Australian Imperial Forces, Marching Songs, For an Empire Beloved - EA Henty Topic: AIF - Marching Songs
Australian Imperial Forces
Marching Songs
For an Empire Beloved - EA Henty
When the 1st Contingent of the AIF arrived in Egypt, the latest patriotic song arrived from England. It was printed by the AIF press for distribution amongst all the troops at Mena Camp. It is difficult to ascertain the popularity of this song at the time. Considering that this song has no recorded history, it is possible that its lyrics did not reach out to the common AIF man. It is difficult to imagine a Battalion of sweating AIF men marching out of Mena Camp singing this air to the cadence of the stamping feet. Since it was deemed important enough for the commanding officers to order its printing, it is included in the selection of songs sung by the AIF.
For an Empire Beloved
Words by EA Henty (Mrs Edward Starkey)
Over the Seas the loveliest thoughts are winging And sons of the Empire are coming, coming soon, For a Motherland is calling, and hearts go out to King and Country, As somewhere a band is playing an old familiar tune: 'Tis, "The girl I left behind me," but she's proud to help old England, Tho' oceans roll behind her man just gone, She'll wait, and listen patient and keep a fair face bravely smiling- A true daughter of the Empire bred and born.
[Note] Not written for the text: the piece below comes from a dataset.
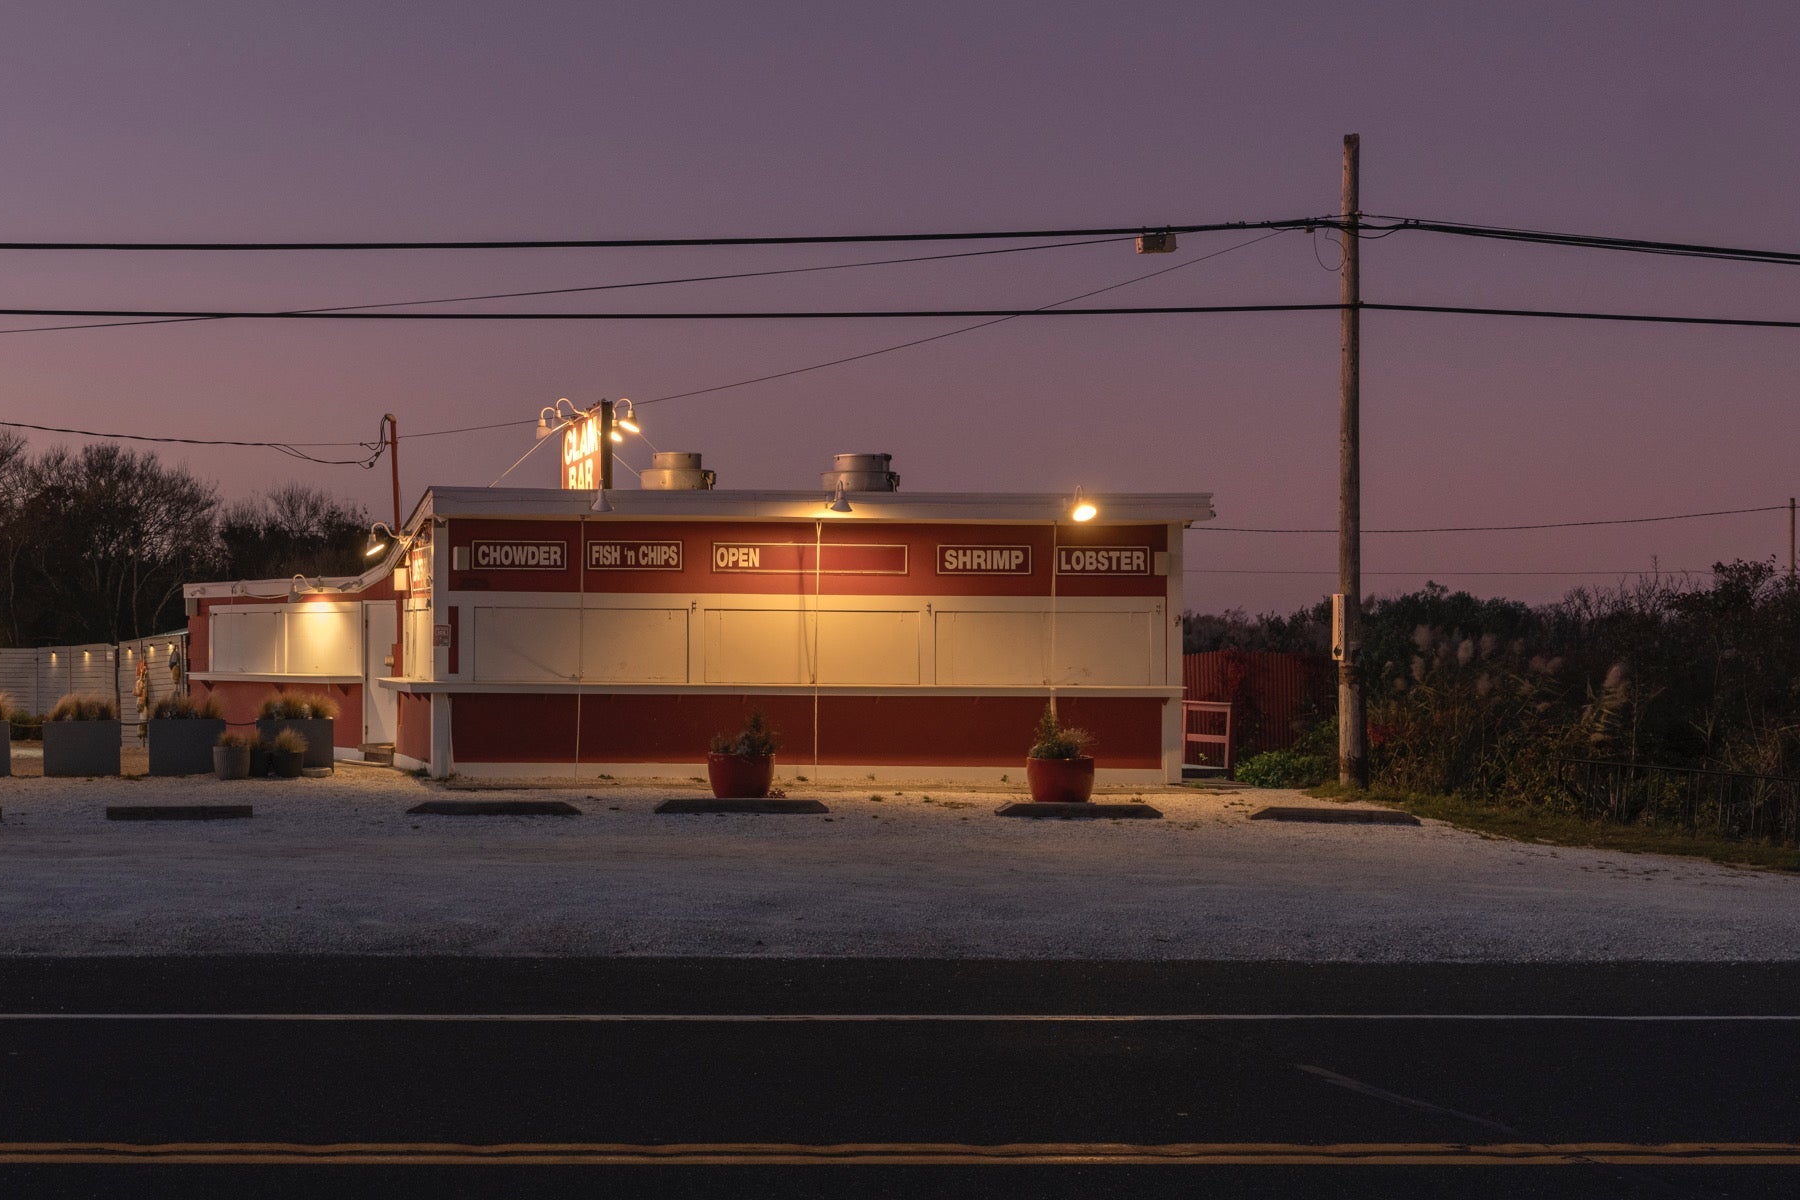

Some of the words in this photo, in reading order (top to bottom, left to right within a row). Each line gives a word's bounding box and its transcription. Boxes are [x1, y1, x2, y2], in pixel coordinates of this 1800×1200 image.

'Tis near Springtime in Australia, with the night air wattle scented 'Neath Southern Cross as fairest flowers unfold; Or in further Northern Country there are misty days of Autumn When God's touches turn the maples to a world of red and gold. Can you hear them? They are coming, and the loyal hearts are beating, 'Neath dusky starlit Heavens from radiant lands in Tropic's glow, With green palm leaves softly waving and bamboo rustling gently, Wood by night winds in hushed silence, as they softly come and go.
Stalwart men with grave-set faces - Proud and splendid Sons of Empire - bronzed and brown, Who hear the Homeland needs them, they're coming, surely, swiftly, Prom palace, city, land, and little town, Strong to help a dear old Country - who has herself helped them To do for her whate'er her needs decree; And Britons will remember deeply grateful, And thank their sons thro' all the years to be.
So over the world I seem to hear them coming, And willing hands are stretched across the Sea, While a Motherland is waiting and her children hope for peace with honour, As they come each one to set her free. 'Tis for an Empire beloved where truth and justice temper mercy And tho' troubles may assail them, for her each heart's afire, And we too must hope and welcome these our kindred, And pray God give each man who does his duty - just his heart's desire.